Data for this exercise:
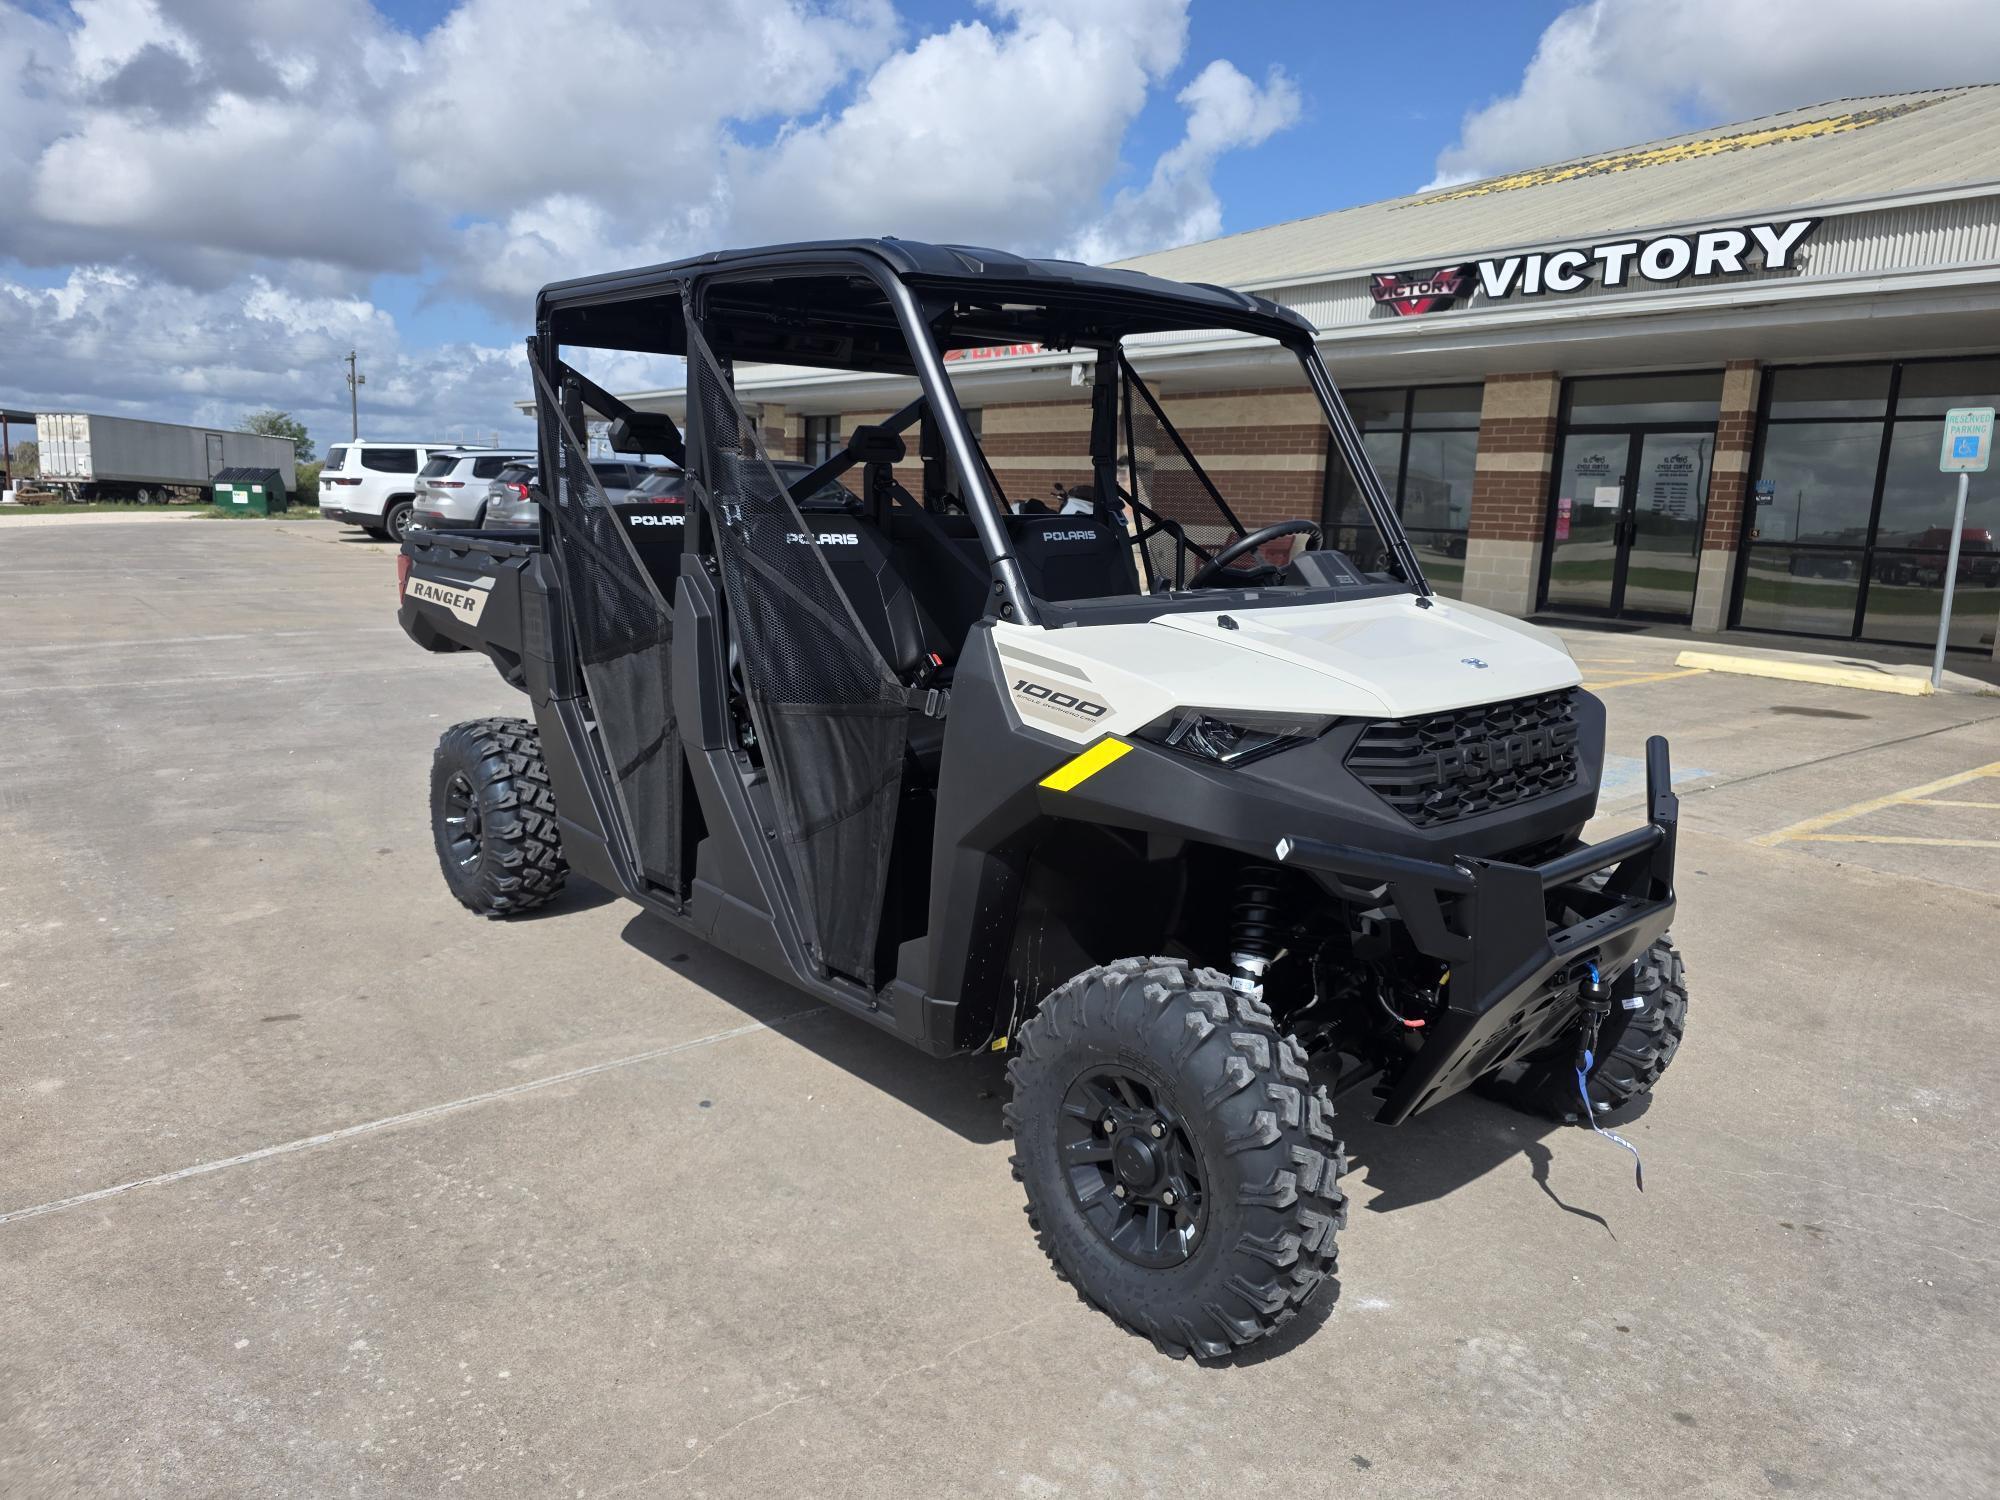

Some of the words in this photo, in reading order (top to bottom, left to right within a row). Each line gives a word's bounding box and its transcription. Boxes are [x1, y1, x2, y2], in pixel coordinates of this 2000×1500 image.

[1476, 219, 1814, 299] VICTORY
[1374, 279, 1460, 298] VICTORY
[1949, 414, 1991, 424] RESERVED
[1950, 425, 1987, 434] PARKING
[630, 515, 686, 526] POLAR
[1042, 530, 1097, 542] POLARIS
[414, 583, 476, 612] RANGER
[1013, 680, 1107, 718] 1000
[1436, 719, 1579, 785] POLARIS

Work required:
Everything in the listing above except the pictures should be duplicated exactly.

The completed task:
Some of the words in this photo, in reading order (top to bottom, left to right within a row). Each line gives a word's bounding box and its transcription. Boxes are [x1, y1, x2, y2], in pixel coordinates of this 2000×1500 image.

[1476, 219, 1814, 299] VICTORY
[1374, 279, 1460, 298] VICTORY
[1949, 414, 1991, 424] RESERVED
[1950, 425, 1987, 434] PARKING
[630, 515, 686, 526] POLAR
[1042, 530, 1097, 542] POLARIS
[414, 583, 476, 612] RANGER
[1013, 680, 1107, 718] 1000
[1436, 719, 1579, 785] POLARIS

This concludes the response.